# Circuit Improvements to Q2LAL, S2LAL, and SCRL 

Zettaflops, LLC Technical Report ZF012 v2

Erik P. DeBenedictis<br>Zettaflops, LLC<br>Albuquerque, New Mexico, USA<br>August 2, 2022


#### Abstract

This document identifies a circuit optimization for Static 2-Level Adiabatic Logic (S2LAL), Quiet 2-Level Adiabatic Logic (Q2LAL), and with some applicability to SCRL. When these logic families are used to create shift registers, about $\mathbf{3 0 \%}$ of the transistors are redundant.

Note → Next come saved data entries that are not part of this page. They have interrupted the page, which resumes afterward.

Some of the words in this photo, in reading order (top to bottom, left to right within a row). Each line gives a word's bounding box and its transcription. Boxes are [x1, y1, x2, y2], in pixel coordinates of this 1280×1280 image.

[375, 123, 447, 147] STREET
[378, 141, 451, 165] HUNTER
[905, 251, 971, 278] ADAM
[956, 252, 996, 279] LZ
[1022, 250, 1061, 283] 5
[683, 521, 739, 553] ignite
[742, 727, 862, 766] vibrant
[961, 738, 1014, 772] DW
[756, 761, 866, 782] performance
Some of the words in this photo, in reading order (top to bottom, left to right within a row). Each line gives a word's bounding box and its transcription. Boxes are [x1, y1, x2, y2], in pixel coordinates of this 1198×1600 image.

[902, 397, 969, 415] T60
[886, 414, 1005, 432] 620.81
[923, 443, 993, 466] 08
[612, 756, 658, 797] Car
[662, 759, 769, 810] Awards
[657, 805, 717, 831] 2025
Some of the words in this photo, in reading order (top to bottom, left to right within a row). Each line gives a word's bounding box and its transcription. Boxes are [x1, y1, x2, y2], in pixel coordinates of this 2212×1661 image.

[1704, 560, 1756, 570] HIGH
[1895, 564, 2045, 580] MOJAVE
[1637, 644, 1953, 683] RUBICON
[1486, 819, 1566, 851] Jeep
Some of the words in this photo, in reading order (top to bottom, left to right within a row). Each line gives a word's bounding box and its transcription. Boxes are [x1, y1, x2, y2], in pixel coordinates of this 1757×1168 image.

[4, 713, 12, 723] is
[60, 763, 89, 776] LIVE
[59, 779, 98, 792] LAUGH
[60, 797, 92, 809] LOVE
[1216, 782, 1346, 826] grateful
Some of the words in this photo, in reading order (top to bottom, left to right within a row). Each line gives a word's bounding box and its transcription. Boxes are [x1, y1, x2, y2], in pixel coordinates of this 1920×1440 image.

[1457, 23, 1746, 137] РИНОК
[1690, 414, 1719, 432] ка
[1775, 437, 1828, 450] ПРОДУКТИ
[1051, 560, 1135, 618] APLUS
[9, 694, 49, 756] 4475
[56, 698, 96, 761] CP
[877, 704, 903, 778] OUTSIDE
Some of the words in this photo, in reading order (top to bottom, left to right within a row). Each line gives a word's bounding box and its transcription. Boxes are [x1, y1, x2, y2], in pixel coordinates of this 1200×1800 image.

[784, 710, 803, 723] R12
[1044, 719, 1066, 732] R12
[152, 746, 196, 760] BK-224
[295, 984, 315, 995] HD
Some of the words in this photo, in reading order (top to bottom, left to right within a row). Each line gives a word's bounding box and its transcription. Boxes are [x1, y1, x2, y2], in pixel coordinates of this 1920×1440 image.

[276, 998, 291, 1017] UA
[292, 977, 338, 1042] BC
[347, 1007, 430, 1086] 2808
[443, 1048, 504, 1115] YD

The basic concept is explained, including how to eliminate the redundant transistors and discussion of the effect on simulation and layout.


Keywords-adiabatic computing; reversible computing; CMOS; cryo-CMOS; Static 2-Level Adiabatic Logic; S2LAL; Quiet 2-Level Adiabatic Logic; Q2LAL; Split-rail Charge Recovery Logic

## I. BACKGROUND ON ADIABATIC LOGIC

This document is applicable to at least three existing adiabatic logic families, notably SCRL [1], S2LAL [2], and Q2LAL [3]. Interested readers are referred to the references.

## II. REDUNDANT GATES

The observation is that when these logic families are used to create shift registers, about $30 \%$ of the transistors are redundant. Since shift registers can be used for data storage, which is a fundamental resource, removing the redundant transistors may shrink practical circuits considerably.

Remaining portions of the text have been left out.